In Lakshmi Narayan Roy & Ors. vs. Land
Reforms Officer & Ors. [1975-76 (Vol.80), Calcutta Weekly Notes, page 42] a
Division Bench of the Calcutta High Court, while approving the view taken in Gour
Gopal Mitra's case (supra), held as hereunder:- "The next question which
has to be considered is the validity of the notices under section 10(2) of the
Act as were served on the appellant by the authority concerned. Section 10(1)

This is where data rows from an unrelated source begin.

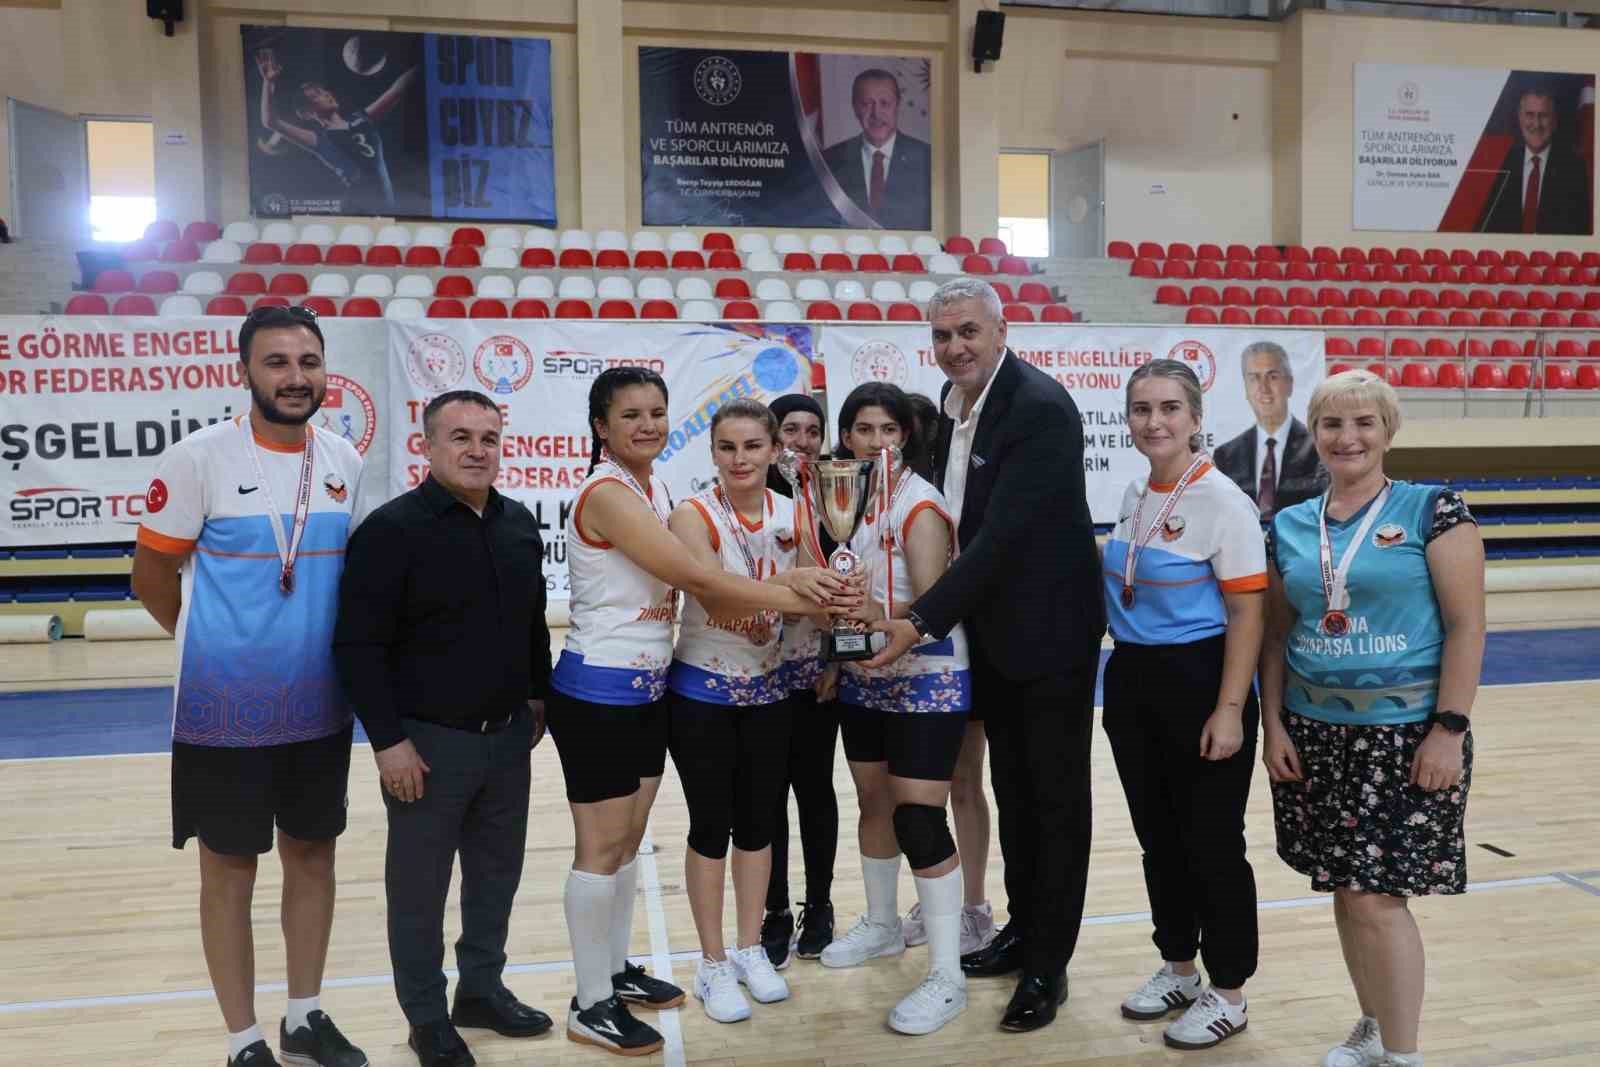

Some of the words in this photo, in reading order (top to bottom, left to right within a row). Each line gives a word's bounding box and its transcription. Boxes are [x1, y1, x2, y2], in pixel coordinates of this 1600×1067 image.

[665, 119, 697, 134] TÜM
[700, 121, 774, 136] ANTRENÖR
[650, 137, 668, 151] VE
[671, 139, 790, 155] SPORCULARIMIZA
[653, 155, 719, 167] BAŞARILAR
[720, 156, 785, 168] DİLİYORUM
[17, 327, 126, 360] GÖRME
[1099, 434, 1117, 448] VE
[1359, 632, 1408, 656] LİONS

empowers the Collector to take charge of the estates and rights of the
intermediaries vested in the State upon the publication of any Notification
under section 4, and section 10(2) for the said purpose lays down that the
Collector may, by written order served in the prescribed manner, require any
intermediary or any person in possession (khas or symbolical) of any such
estate or of any such interest, to give up such possession by a date to be
specified in the order (which shall not be earlier than 60 days from the date
of service of the order) and to deliver by that date any documents, registers,
records and collection papers connected with the management of such estate or
of such interest which are in his custody and to furnish a statement in the
prescribed form in respect of such estate or such interest. Section 10(5)
provides that nothing in section 10 shall authorize the Collector to take khas
possession of any estate or of any right of an intermediary therein, which may
be retained under section 6 of the Act. Relevant Rule, made under the aforesaid
sections is the Rule 7 which prescribes the mode of service of the order of the
Collector under section 10(2) and the form of statement referred to therein.
Rule 7(1) states that the order of the Collector and the statement referred to
in section 10(2) shall be in Form "3" appended to the said rules or
in a form substantially similar thereto.." .. ..
A perusal of the notices will show that they are
certainly not in accordance with or in conformity with the statutory form as
prescribed under Rule 7(1) of the said Rules. In fact, the provision under
which the power in the instant case has been exercised has not been mentioned
in the impugned notices and furthermore there has been no compliance with the
clause (iii) of the said form or clause 5(c) in the reverse of the same.
Clause (iii) in the From under Rule 7(1)
requires the Collector concerned to give an opportunity to the intermediary to
furnish a statement in respect of such estates or such interests in the form
given on the reverse showing the particulars specified therein amongst others
as to the description of the lands under clause 5(c) which the intermediary
would like to retain under the provisions of the Act. This part it appears is
conspicuously absent in the present notices, which were served on the
appellant. By the said notices, in exercise of power under section 10(2) of the
Act the intermediary was only asked to give up possession of the lands and/or
interests in the same in respect of the lands in the schedule on or by 10th December, 1966.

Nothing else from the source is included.